*** Begin section ***

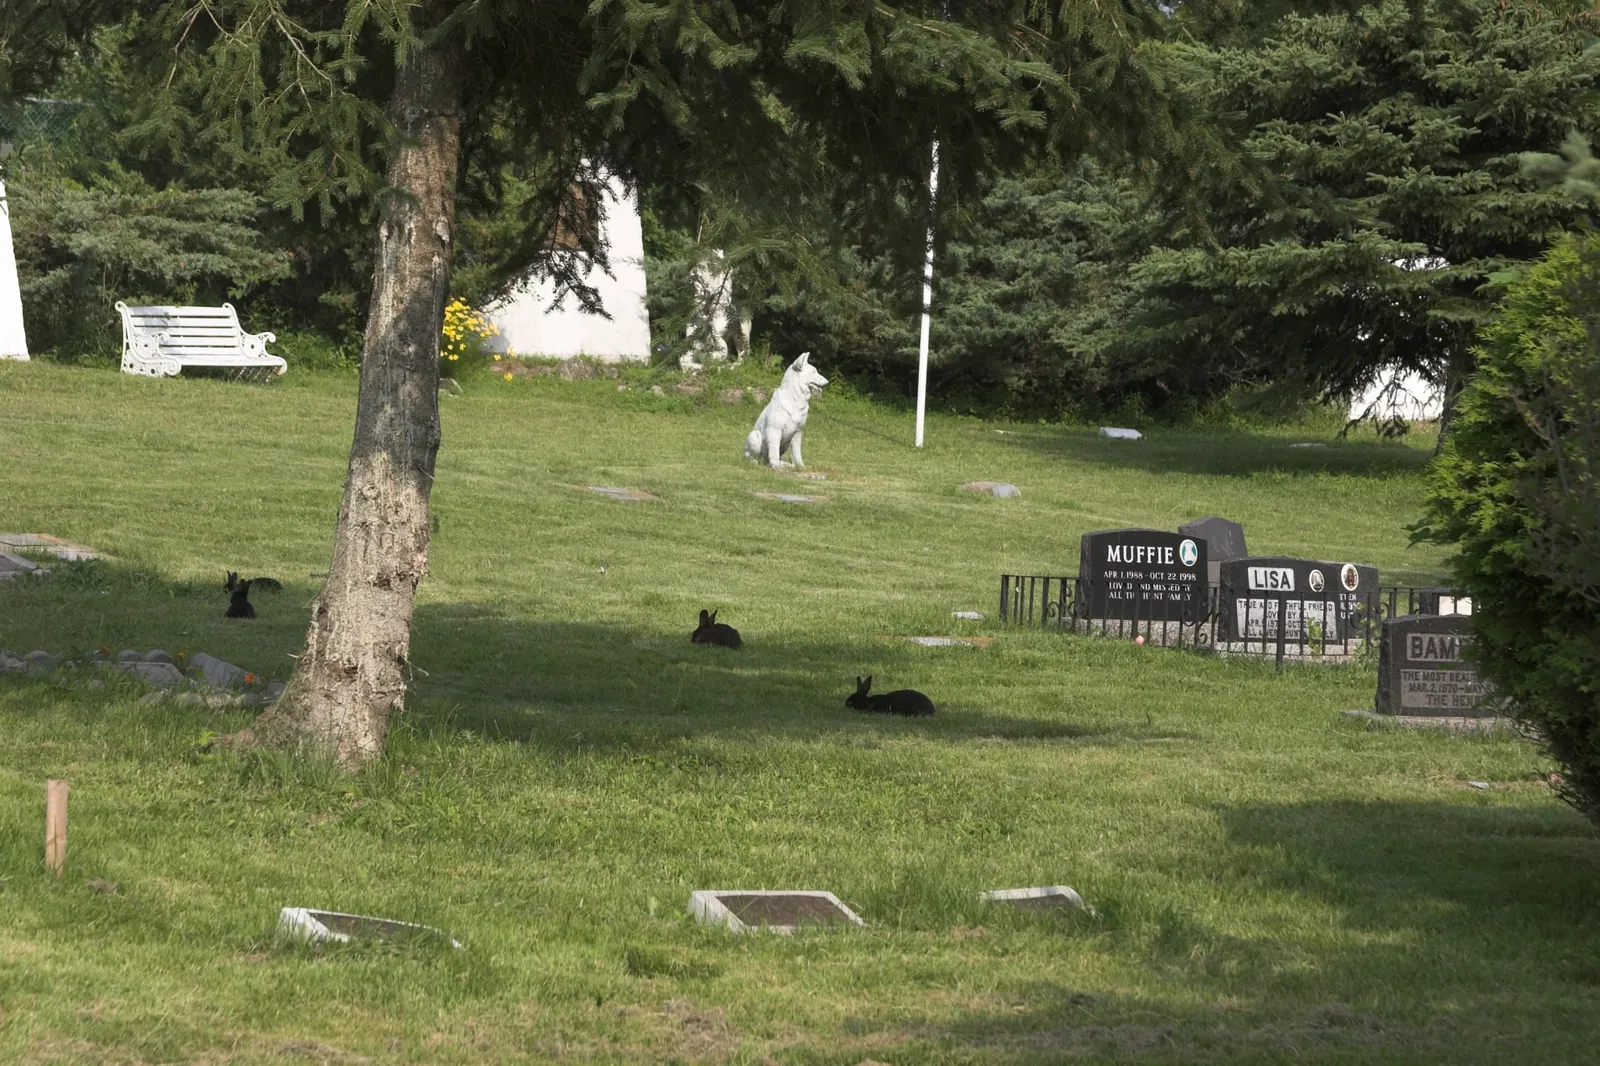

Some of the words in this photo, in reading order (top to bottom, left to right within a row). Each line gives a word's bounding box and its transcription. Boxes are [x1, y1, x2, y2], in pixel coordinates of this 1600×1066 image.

[1107, 545, 1174, 564] MUFFIE
[1180, 572, 1196, 581] 1998
[1254, 569, 1291, 589] LISA
[1259, 601, 1273, 609] AD
[1308, 603, 1332, 611] FRIED
[1411, 636, 1460, 660] BAM
[1402, 670, 1419, 681] THE
[1421, 671, 1446, 682] MOST

*** End section ***

* _WHAT TO PRODUCE_: Write every record out again exactly as written. Pictures don't belong in the copy.

* _WRITTEN REPLY_:
Some of the words in this photo, in reading order (top to bottom, left to right within a row). Each line gives a word's bounding box and its transcription. Boxes are [x1, y1, x2, y2], in pixel coordinates of this 1600×1066 image.

[1107, 545, 1174, 564] MUFFIE
[1180, 572, 1196, 581] 1998
[1254, 569, 1291, 589] LISA
[1259, 601, 1273, 609] AD
[1308, 603, 1332, 611] FRIED
[1411, 636, 1460, 660] BAM
[1402, 670, 1419, 681] THE
[1421, 671, 1446, 682] MOST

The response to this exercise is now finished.